• [DIRECTIONS]
Without including the pictures, copy each line below exactly as it reads.
━━ INFORMATION SHOWN ━━
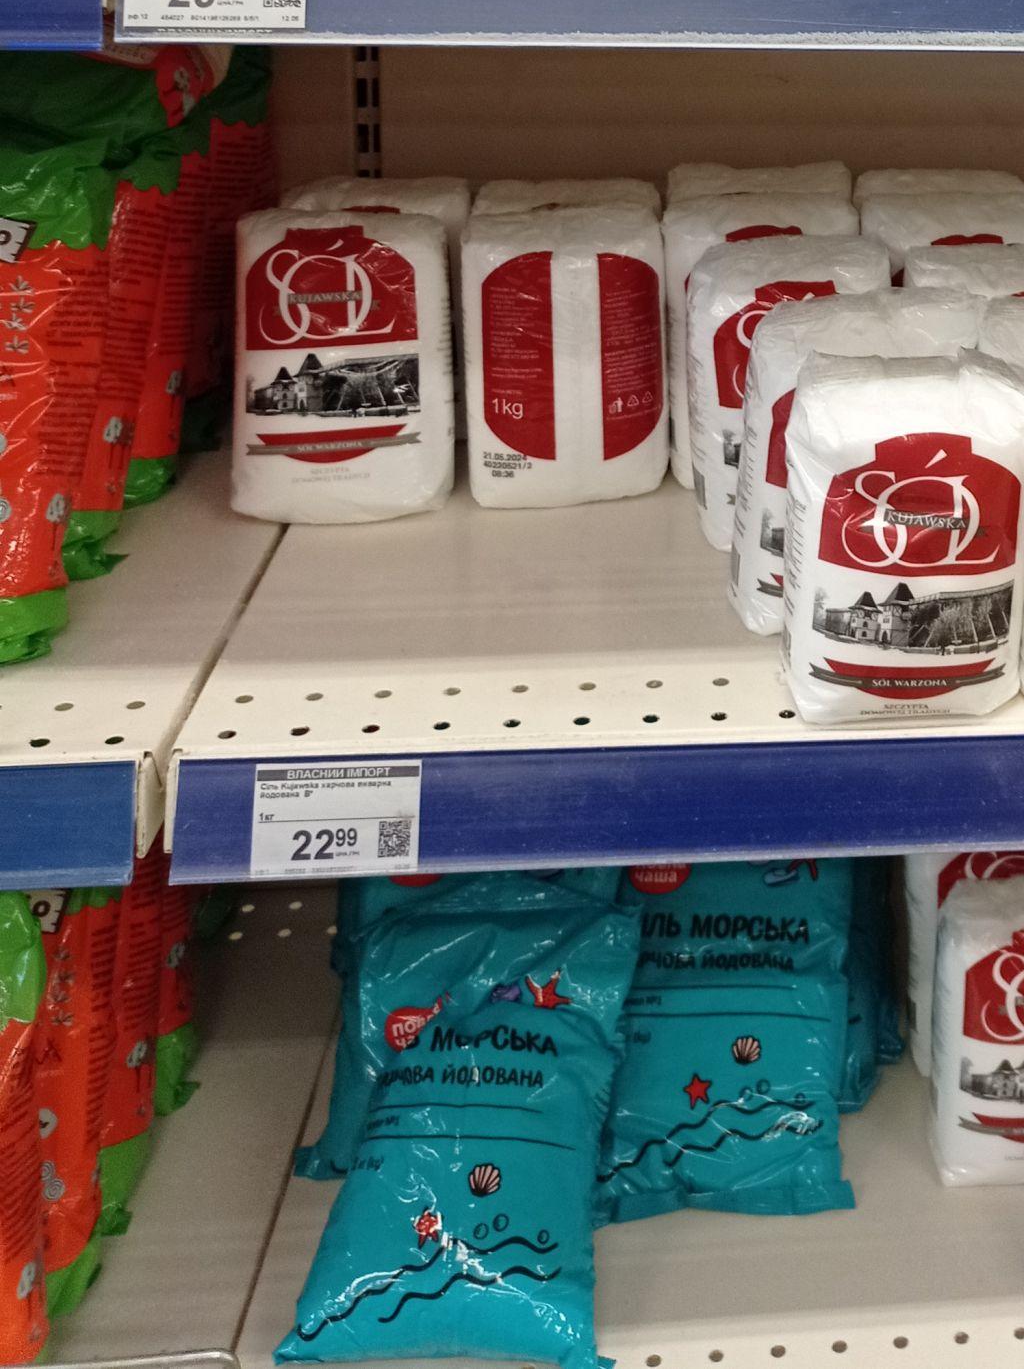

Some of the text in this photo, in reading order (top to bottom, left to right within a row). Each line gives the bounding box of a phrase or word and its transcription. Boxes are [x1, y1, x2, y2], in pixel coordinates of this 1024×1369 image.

[886, 507, 967, 532] KUJAWSKA
[872, 678, 949, 689] SÓL WARZONA
[347, 767, 391, 778] ІМПОРТ
[291, 828, 358, 861] 22 99
[691, 914, 809, 945] МОРСЬКА
[702, 950, 794, 972] ЙОДОВАНА
[441, 1064, 544, 1088] ЙОДОВАНА
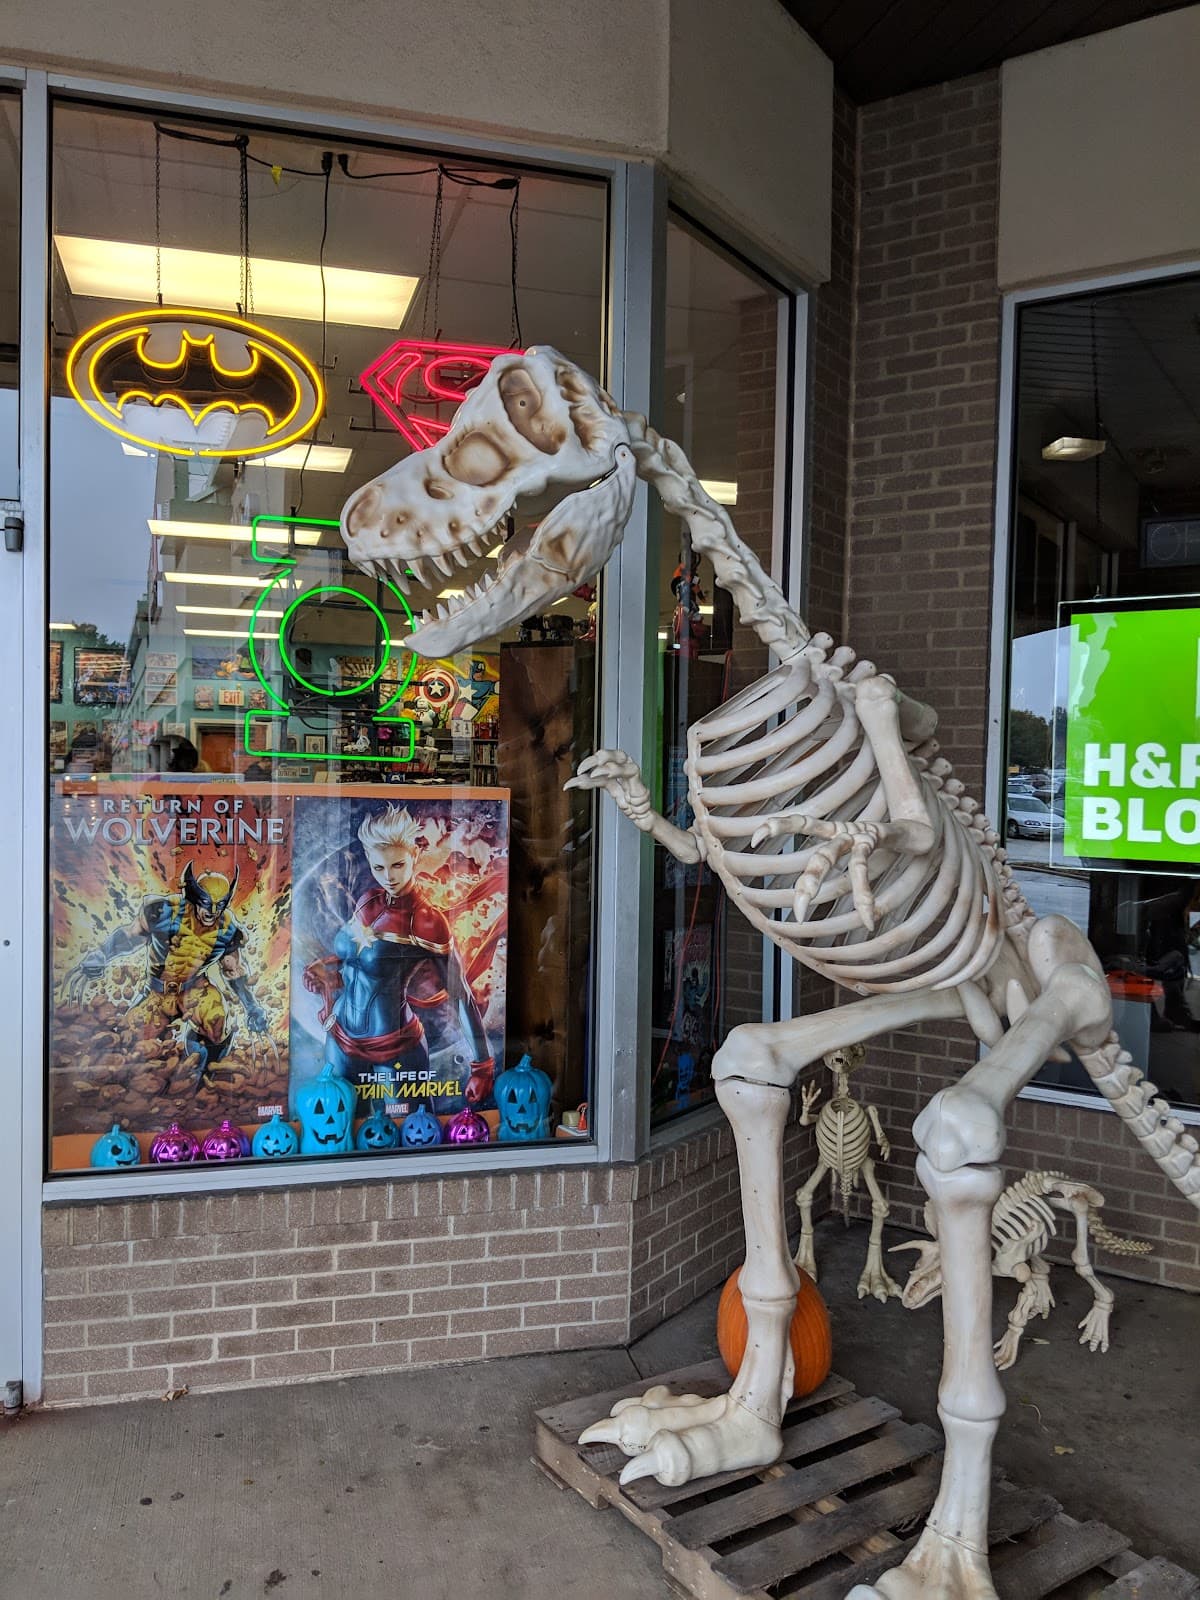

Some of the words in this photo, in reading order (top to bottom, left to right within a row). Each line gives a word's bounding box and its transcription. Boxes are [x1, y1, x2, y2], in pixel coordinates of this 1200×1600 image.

[223, 691, 241, 704] EXIT
[103, 799, 201, 814] RETURN
[214, 799, 244, 814] OF
[1082, 796, 1200, 845] BLO
[62, 817, 284, 846] WOLVERINE
[358, 1072, 386, 1083] THE
[389, 1071, 416, 1082] LIFE
[418, 1070, 437, 1081] OF
[396, 1081, 462, 1098] MARVEL
[257, 1105, 284, 1117] MARVEL
[385, 1103, 410, 1114] MARVEL
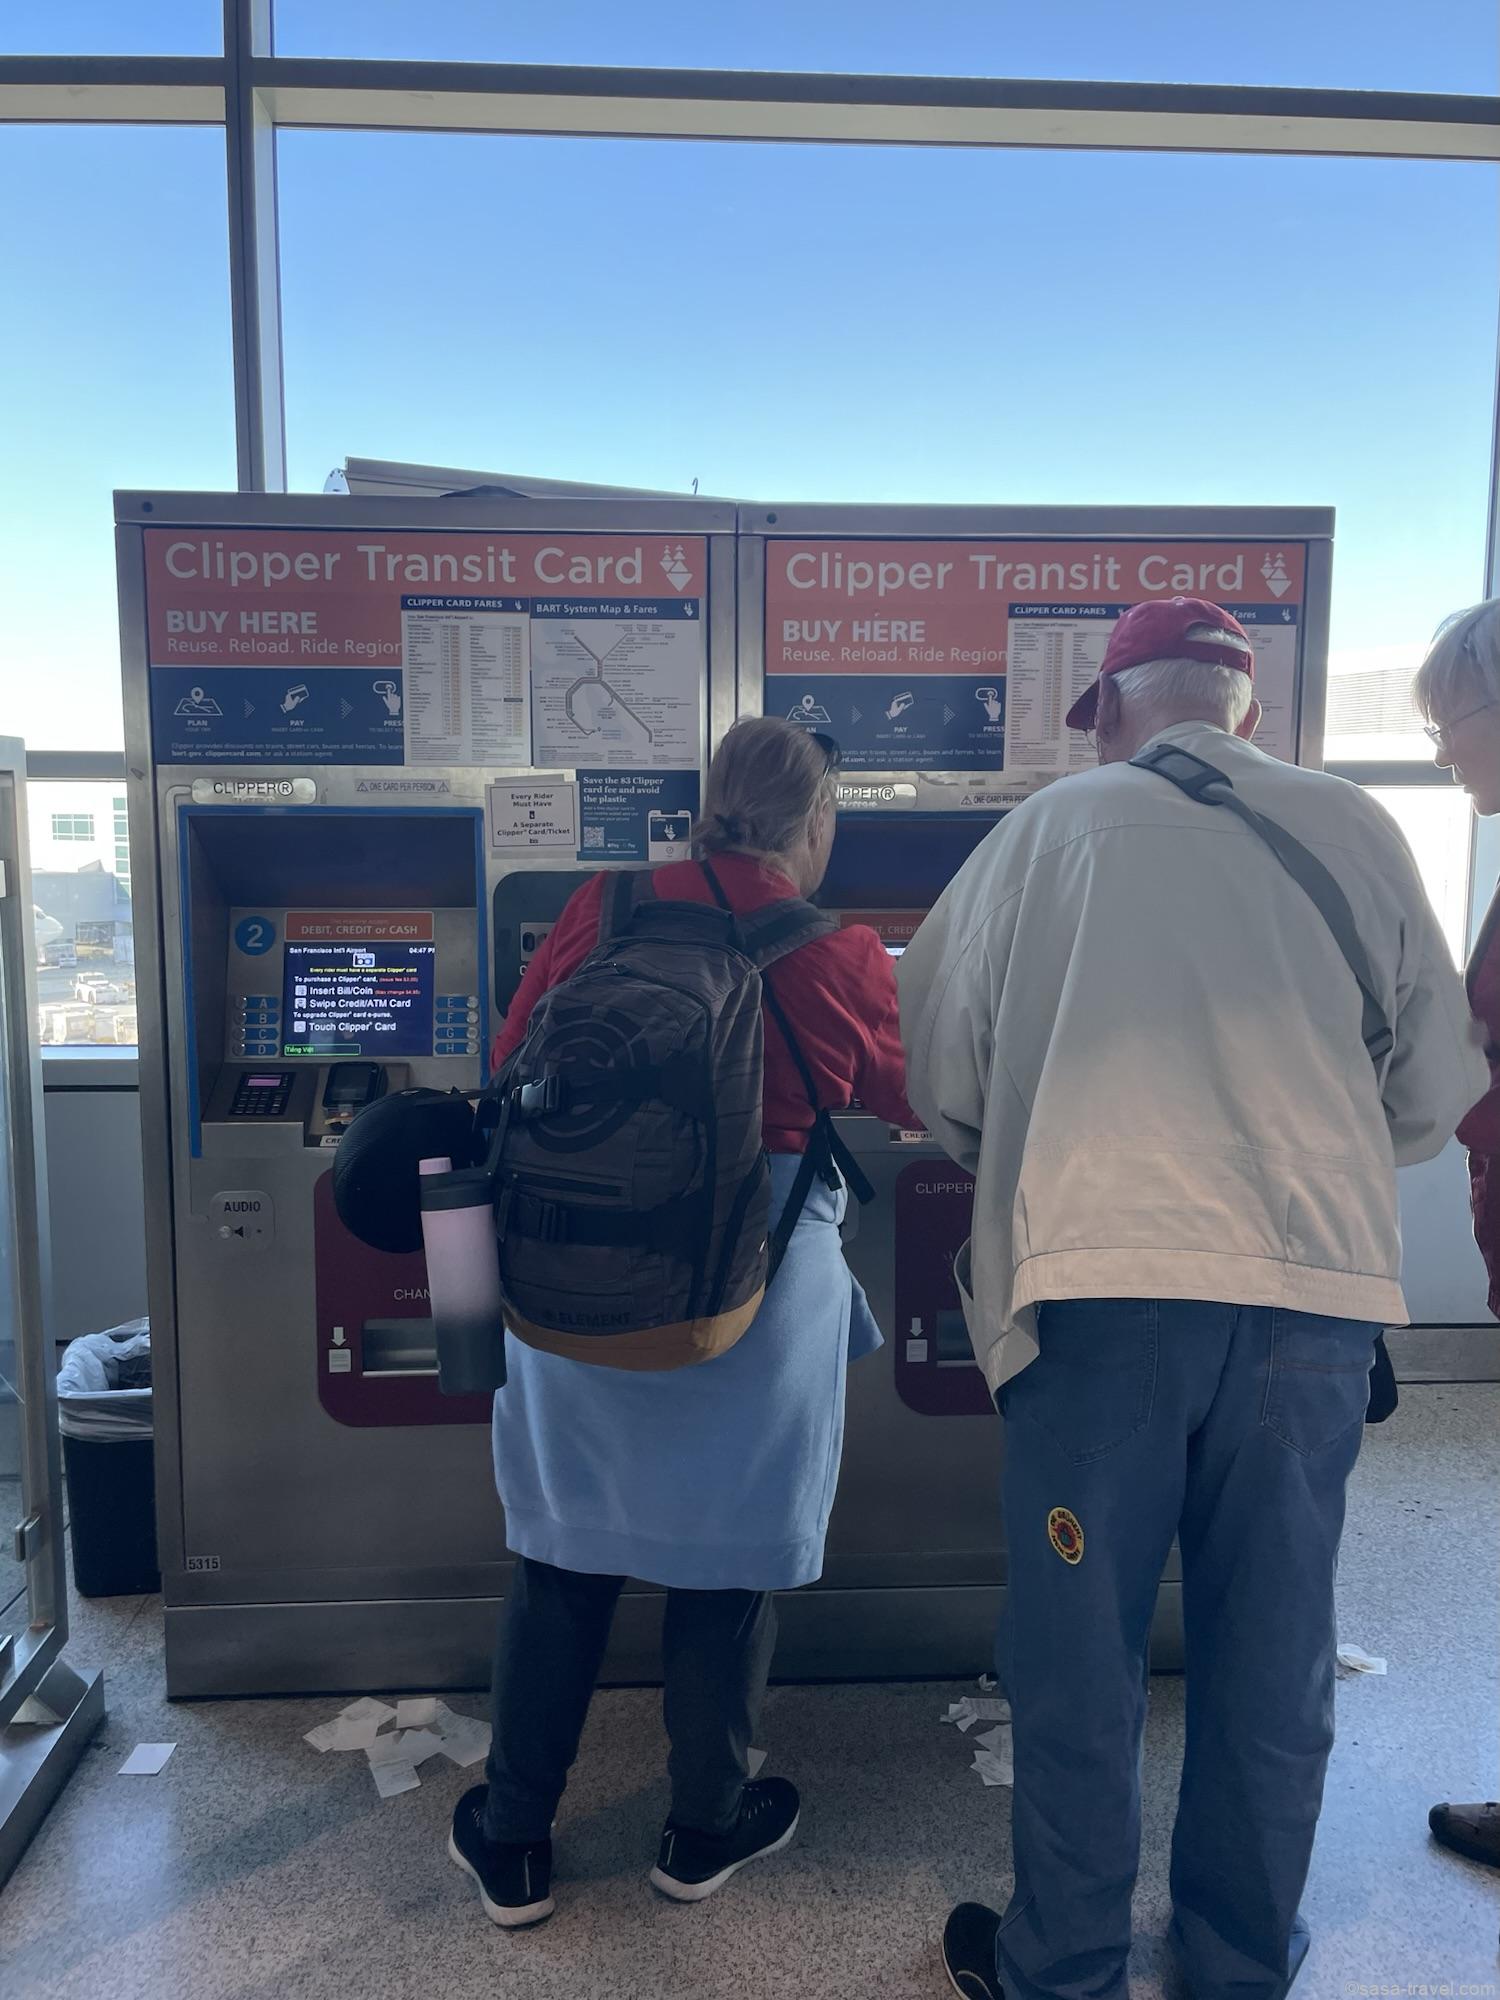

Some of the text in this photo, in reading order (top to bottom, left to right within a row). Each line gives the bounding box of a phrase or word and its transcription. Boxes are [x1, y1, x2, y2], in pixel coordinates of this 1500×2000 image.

[165, 541, 643, 588] Clipper Transit Card
[786, 551, 1245, 597] Clipper Transit Card
[407, 599, 502, 608] CLIPPER CARD FARES
[536, 604, 658, 615] BART System Map & Fares
[1014, 606, 1106, 616] CLIPPER CARD FARES
[1232, 609, 1257, 619] Fares
[166, 610, 318, 635] BUY HERE
[783, 619, 926, 643] BUY HERE
[167, 638, 403, 658] Reuse. Reload. Ride Region
[783, 647, 1007, 665] Reuse. Reload. Ride Region
[187, 719, 208, 727] PLAN
[289, 719, 305, 727] PAY
[369, 782, 436, 792] ONE CARD PER PERSON
[582, 776, 604, 785] Save
[604, 776, 619, 785] the
[632, 776, 665, 787] Clipper
[583, 785, 660, 794] card fee and avoid
[838, 785, 896, 801] IPPER®
[511, 793, 531, 801] Every
[583, 795, 627, 805] the plastic
[973, 794, 988, 804] ONE
[989, 794, 1002, 804] CARD
[1003, 794, 1013, 804] PER
[520, 821, 554, 830] Separate
[528, 828, 570, 836] Card/Ticket
[246, 924, 265, 948] 2
[301, 925, 418, 936] DEBIT, CREDIT or CASH
[346, 947, 367, 956] Airport
[295, 975, 303, 983] To
[304, 975, 331, 985] purchase
[309, 986, 374, 996] Insert Bill/Coin
[259, 998, 268, 1009] A
[309, 999, 412, 1010] Swipe Credit/ATM Card
[447, 997, 455, 1009] E
[259, 1013, 268, 1024] B
[302, 1011, 327, 1020] upgrade
[447, 1013, 455, 1023] F
[309, 1022, 336, 1031] Touch
[374, 1022, 397, 1031] Card
[259, 1028, 267, 1040] C
[446, 1028, 455, 1039] G
[258, 1044, 267, 1055] D
[446, 1043, 455, 1054] H
[223, 1200, 262, 1213] AUDIO
[393, 1288, 431, 1301] CHAN
[559, 1311, 632, 1328] ELEMENT
[188, 1557, 219, 1570] 5315
━━━
• [REPLY]
Some of the text in this photo, in reading order (top to bottom, left to right within a row). Each line gives the bounding box of a phrase or word and its transcription. Boxes are [x1, y1, x2, y2], in pixel coordinates of this 1024×1369 image.

[886, 507, 967, 532] KUJAWSKA
[872, 678, 949, 689] SÓL WARZONA
[347, 767, 391, 778] ІМПОРТ
[291, 828, 358, 861] 22 99
[691, 914, 809, 945] МОРСЬКА
[702, 950, 794, 972] ЙОДОВАНА
[441, 1064, 544, 1088] ЙОДОВАНА

Some of the words in this photo, in reading order (top to bottom, left to right within a row). Each line gives a word's bounding box and its transcription. Boxes are [x1, y1, x2, y2], in pixel coordinates of this 1200×1600 image.

[223, 691, 241, 704] EXIT
[103, 799, 201, 814] RETURN
[214, 799, 244, 814] OF
[1082, 796, 1200, 845] BLO
[62, 817, 284, 846] WOLVERINE
[358, 1072, 386, 1083] THE
[389, 1071, 416, 1082] LIFE
[418, 1070, 437, 1081] OF
[396, 1081, 462, 1098] MARVEL
[257, 1105, 284, 1117] MARVEL
[385, 1103, 410, 1114] MARVEL

Some of the text in this photo, in reading order (top to bottom, left to right within a row). Each line gives the bounding box of a phrase or word and its transcription. Boxes are [x1, y1, x2, y2], in pixel coordinates of this 1500×2000 image.

[165, 541, 643, 588] Clipper Transit Card
[786, 551, 1245, 597] Clipper Transit Card
[407, 599, 502, 608] CLIPPER CARD FARES
[536, 604, 658, 615] BART System Map & Fares
[1014, 606, 1106, 616] CLIPPER CARD FARES
[1232, 609, 1257, 619] Fares
[166, 610, 318, 635] BUY HERE
[783, 619, 926, 643] BUY HERE
[167, 638, 403, 658] Reuse. Reload. Ride Region
[783, 647, 1007, 665] Reuse. Reload. Ride Region
[187, 719, 208, 727] PLAN
[289, 719, 305, 727] PAY
[369, 782, 436, 792] ONE CARD PER PERSON
[582, 776, 604, 785] Save
[604, 776, 619, 785] the
[632, 776, 665, 787] Clipper
[583, 785, 660, 794] card fee and avoid
[838, 785, 896, 801] IPPER®
[511, 793, 531, 801] Every
[583, 795, 627, 805] the plastic
[973, 794, 988, 804] ONE
[989, 794, 1002, 804] CARD
[1003, 794, 1013, 804] PER
[520, 821, 554, 830] Separate
[528, 828, 570, 836] Card/Ticket
[246, 924, 265, 948] 2
[301, 925, 418, 936] DEBIT, CREDIT or CASH
[346, 947, 367, 956] Airport
[295, 975, 303, 983] To
[304, 975, 331, 985] purchase
[309, 986, 374, 996] Insert Bill/Coin
[259, 998, 268, 1009] A
[309, 999, 412, 1010] Swipe Credit/ATM Card
[447, 997, 455, 1009] E
[259, 1013, 268, 1024] B
[302, 1011, 327, 1020] upgrade
[447, 1013, 455, 1023] F
[309, 1022, 336, 1031] Touch
[374, 1022, 397, 1031] Card
[259, 1028, 267, 1040] C
[446, 1028, 455, 1039] G
[258, 1044, 267, 1055] D
[446, 1043, 455, 1054] H
[223, 1200, 262, 1213] AUDIO
[393, 1288, 431, 1301] CHAN
[559, 1311, 632, 1328] ELEMENT
[188, 1557, 219, 1570] 5315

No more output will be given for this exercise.